Fabrication of low-fouling, high-loading polymeric surfaces through pH-controlled RAFT†
Abstract
Low-fouling and high-loading surfaces are increasingly important for biosensing and blood purification technologies. Selective and efficient target binding from complex media can be achieved with poly(carboxybetaine) (pCB) surfaces that consist of a dense brush layer to resist non-specific protein adsorption and a sparse “mushroom” upper layer for high-density capture agent immobilization (i.e. high-loading). We developed pH-controlled surface-reversible addition–fragmentation chain-transfer (S-RAFT) polymerization to simplify fabrication of multi-modal, low-fouling and high-loading pCB surfaces without the need for quenching or re-initiation steps, toxic transition metals or light irradiation.

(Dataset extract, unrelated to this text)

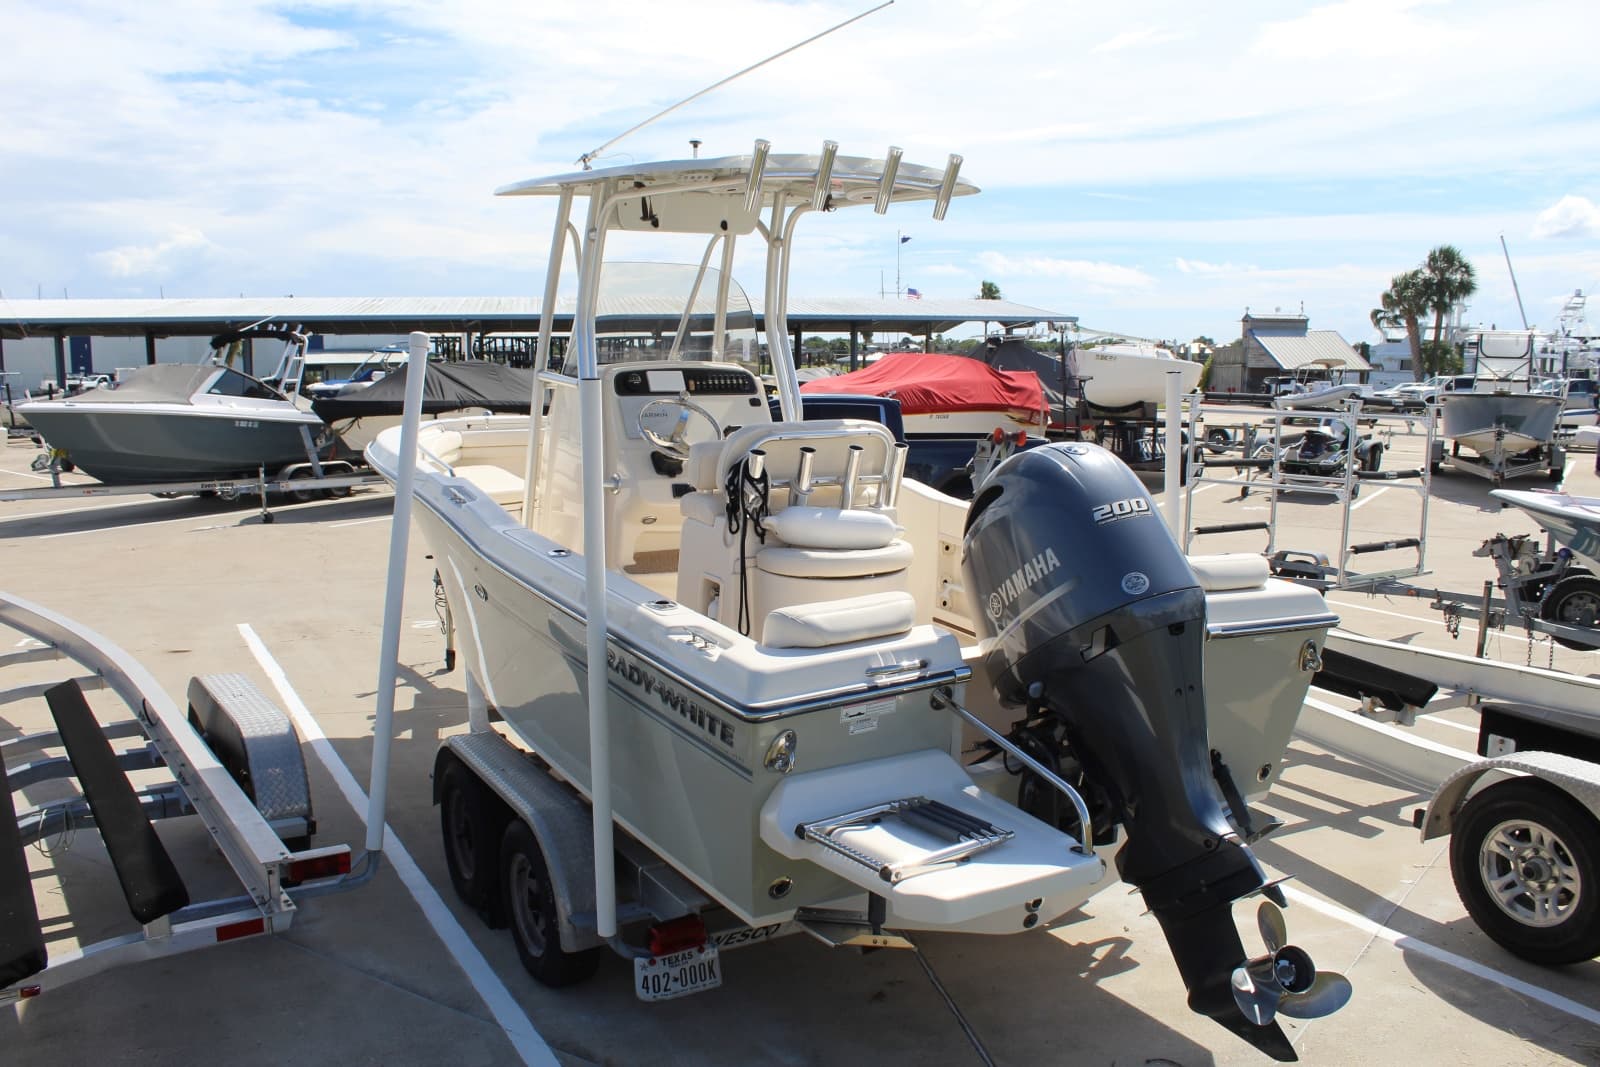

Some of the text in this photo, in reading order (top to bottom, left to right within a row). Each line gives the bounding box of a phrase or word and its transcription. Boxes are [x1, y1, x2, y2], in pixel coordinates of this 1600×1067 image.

[1092, 498, 1150, 523] 200
[996, 547, 1061, 606] YAMAHA
[607, 648, 735, 748] RADY-WHITE
[660, 951, 694, 967] TEXAS

Multi-modal polymer layers were produced through partial polymer termination by temporarily raising the pH to aminolyse a fraction of dormant chain transfer agents (CTAs); remaining polymer chains with intact CTAs continued uninterrupted extension to create the “mushroom” upper layer. The multi-modal pCB surfaces were low-fouling towards proteins (<6.7 ng cm−2), and macrophages. Compared to mono-modal brush surfaces, multi-modal pCB surfaces were high-loading with 5-fold greater capture agent immobilization (e.g. antibody) and 4-fold greater target binding (e.g. biotin-fluorescein).